=== Begin Enclosure ===

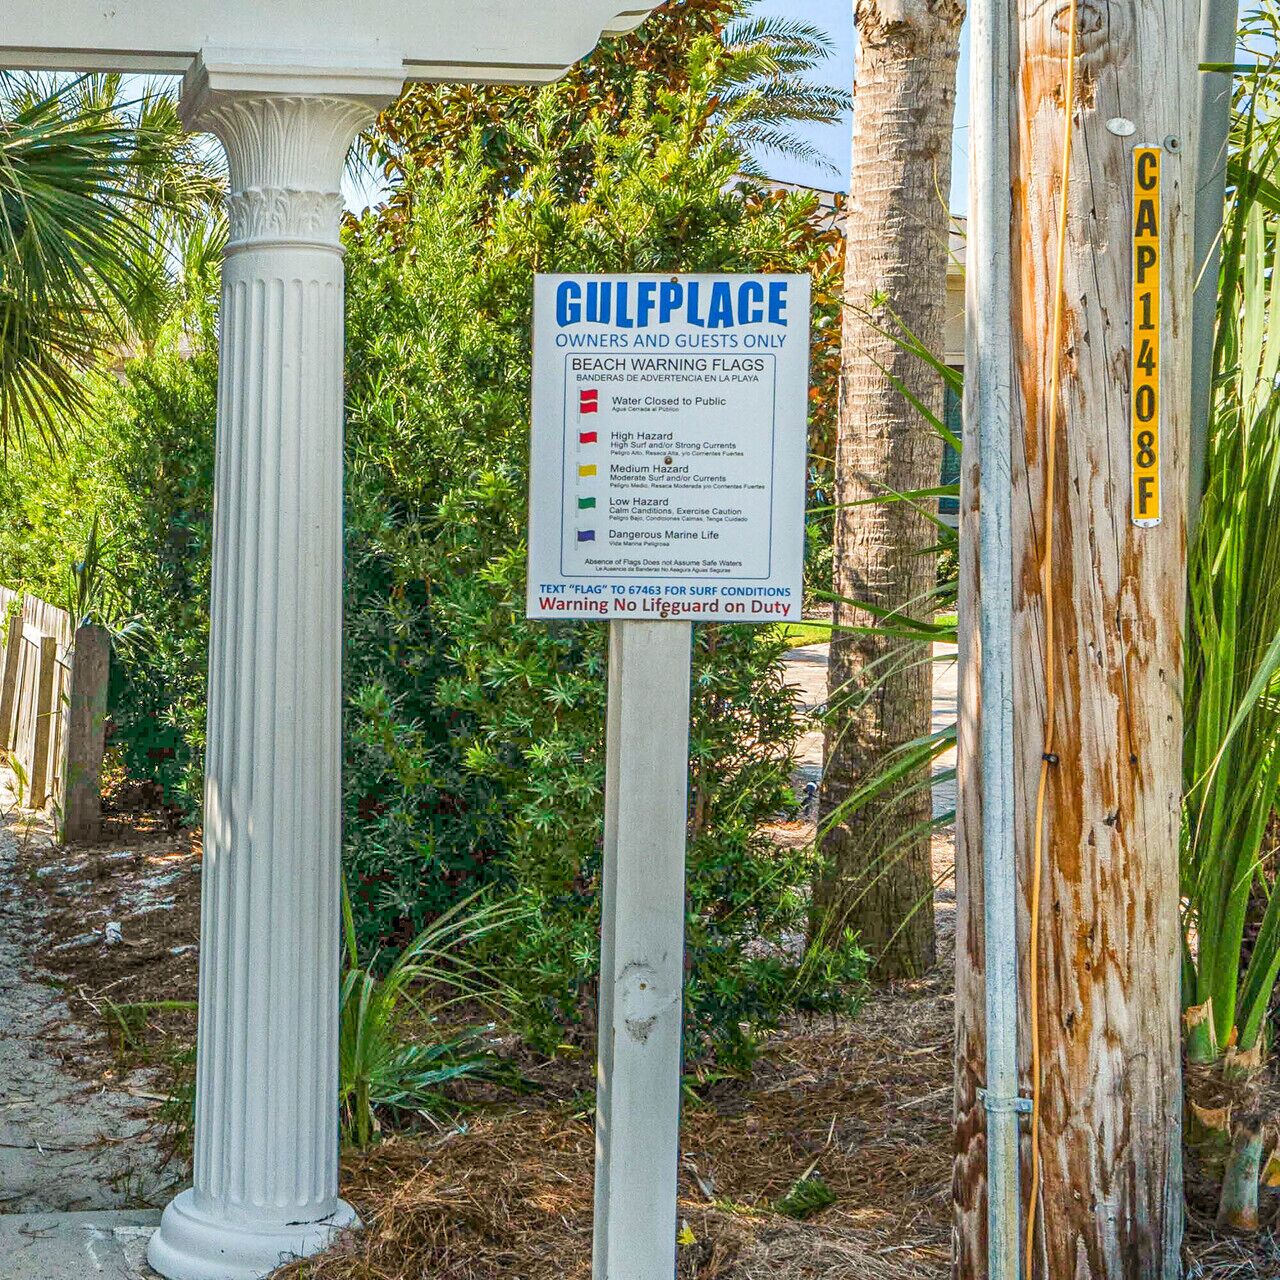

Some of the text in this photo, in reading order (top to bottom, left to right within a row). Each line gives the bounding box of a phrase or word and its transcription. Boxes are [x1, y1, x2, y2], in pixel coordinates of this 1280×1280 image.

[556, 280, 788, 329] GULFPLACE
[1134, 151, 1158, 515] CAP1408F
[556, 333, 787, 348] OWNERS AND GUESTS ONLY
[572, 358, 764, 372] BEACH WARNING FLAGS
[576, 374, 624, 382] BANDERAS
[627, 374, 638, 382] DE
[640, 374, 703, 382] ADVERTENCIA
[704, 374, 717, 382] EN
[718, 374, 732, 382] LA
[612, 397, 726, 406] Water Closed to Public
[611, 432, 673, 442] High Hazard
[611, 442, 628, 450] High
[676, 442, 700, 450] Strong
[610, 464, 689, 473] Medium Hazard
[609, 498, 669, 506] Low Hazard
[609, 530, 719, 540] Dangerous Marine Life
[623, 559, 641, 567] Flags
[540, 585, 566, 594] TEXT
[611, 585, 626, 595] TO
[628, 585, 661, 595] 67463
[665, 586, 686, 595] FOR
[689, 586, 718, 596] SURF
[721, 587, 791, 597] CONDITIONS
[539, 597, 791, 616] Warning No Lifeguard on Duty
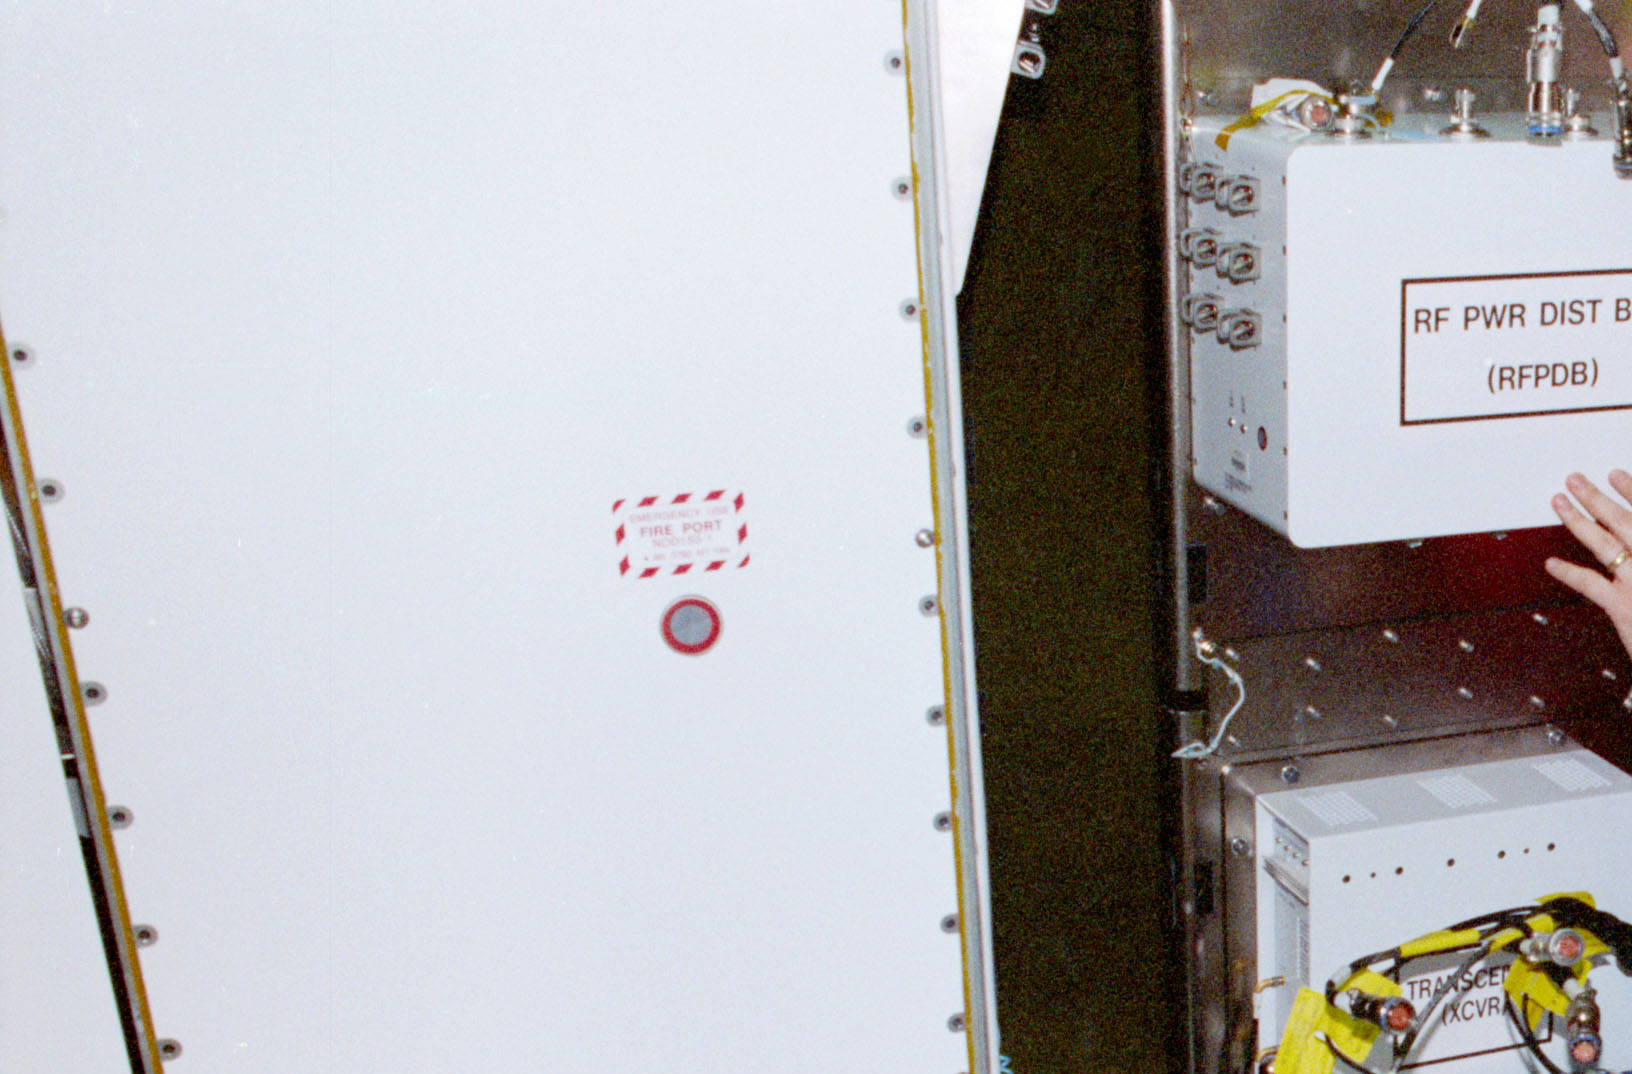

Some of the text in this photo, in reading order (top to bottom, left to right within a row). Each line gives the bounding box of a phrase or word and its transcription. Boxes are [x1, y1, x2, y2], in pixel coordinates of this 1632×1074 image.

[1414, 307, 1450, 333] RF
[1464, 303, 1526, 331] PWR
[1540, 299, 1602, 327] DIST
[1488, 358, 1599, 394] (RFPDB)
[640, 520, 722, 537] FIRE PORT
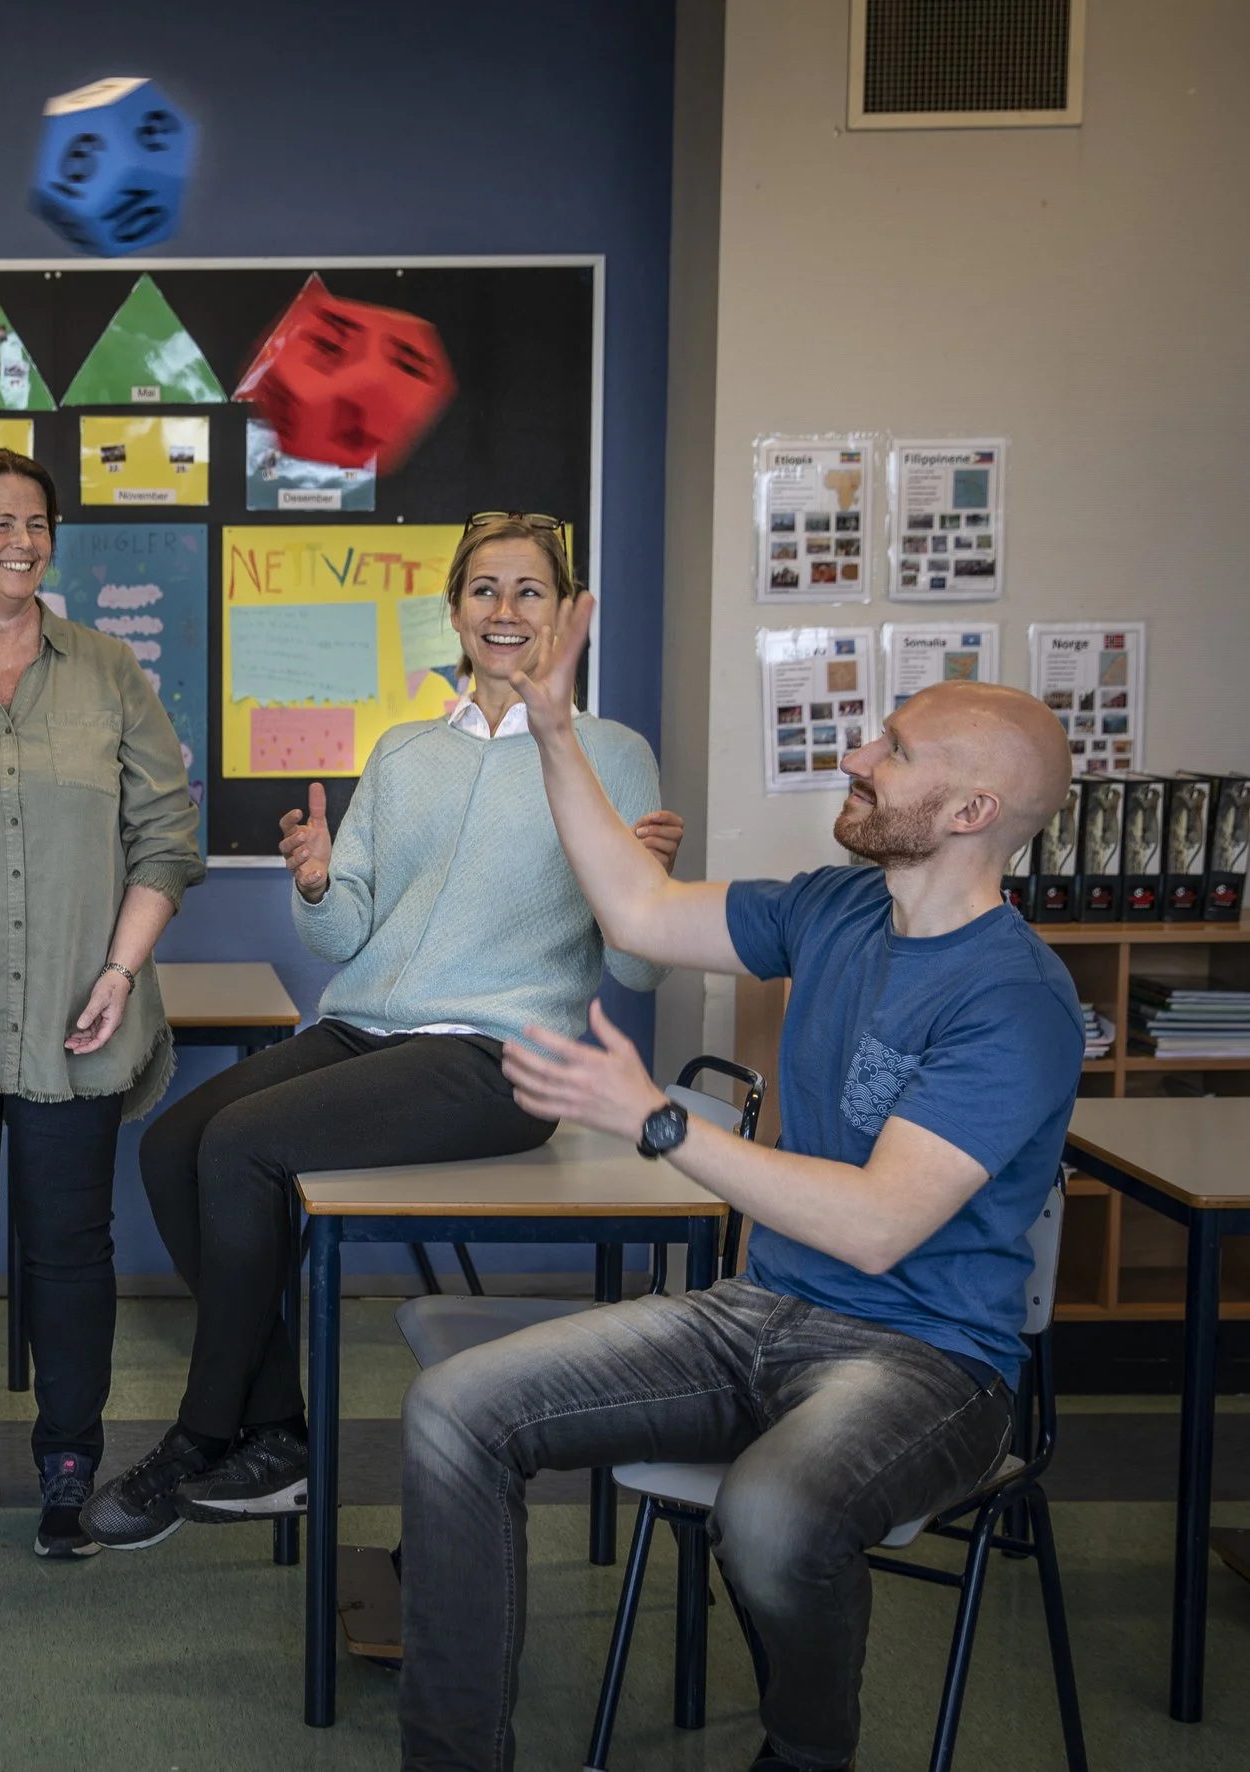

=== End Enclosure ===

**WHAT NEEDS TO BE DONE:** Where an image appears in the data, skip it, and return the rest verbatim.

**EXERCISE RESULT:**
Some of the text in this photo, in reading order (top to bottom, left to right within a row). Each line gives the bounding box of a phrase or word and its transcription. Boxes are [x1, y1, x2, y2], in pixel coordinates of this 1280×1280 image.

[556, 280, 788, 329] GULFPLACE
[1134, 151, 1158, 515] CAP1408F
[556, 333, 787, 348] OWNERS AND GUESTS ONLY
[572, 358, 764, 372] BEACH WARNING FLAGS
[576, 374, 624, 382] BANDERAS
[627, 374, 638, 382] DE
[640, 374, 703, 382] ADVERTENCIA
[704, 374, 717, 382] EN
[718, 374, 732, 382] LA
[612, 397, 726, 406] Water Closed to Public
[611, 432, 673, 442] High Hazard
[611, 442, 628, 450] High
[676, 442, 700, 450] Strong
[610, 464, 689, 473] Medium Hazard
[609, 498, 669, 506] Low Hazard
[609, 530, 719, 540] Dangerous Marine Life
[623, 559, 641, 567] Flags
[540, 585, 566, 594] TEXT
[611, 585, 626, 595] TO
[628, 585, 661, 595] 67463
[665, 586, 686, 595] FOR
[689, 586, 718, 596] SURF
[721, 587, 791, 597] CONDITIONS
[539, 597, 791, 616] Warning No Lifeguard on Duty

Some of the text in this photo, in reading order (top to bottom, left to right within a row). Each line gives the bounding box of a phrase or word and its transcription. Boxes are [x1, y1, x2, y2], in pixel coordinates of this 1632×1074 image.

[1414, 307, 1450, 333] RF
[1464, 303, 1526, 331] PWR
[1540, 299, 1602, 327] DIST
[1488, 358, 1599, 394] (RFPDB)
[640, 520, 722, 537] FIRE PORT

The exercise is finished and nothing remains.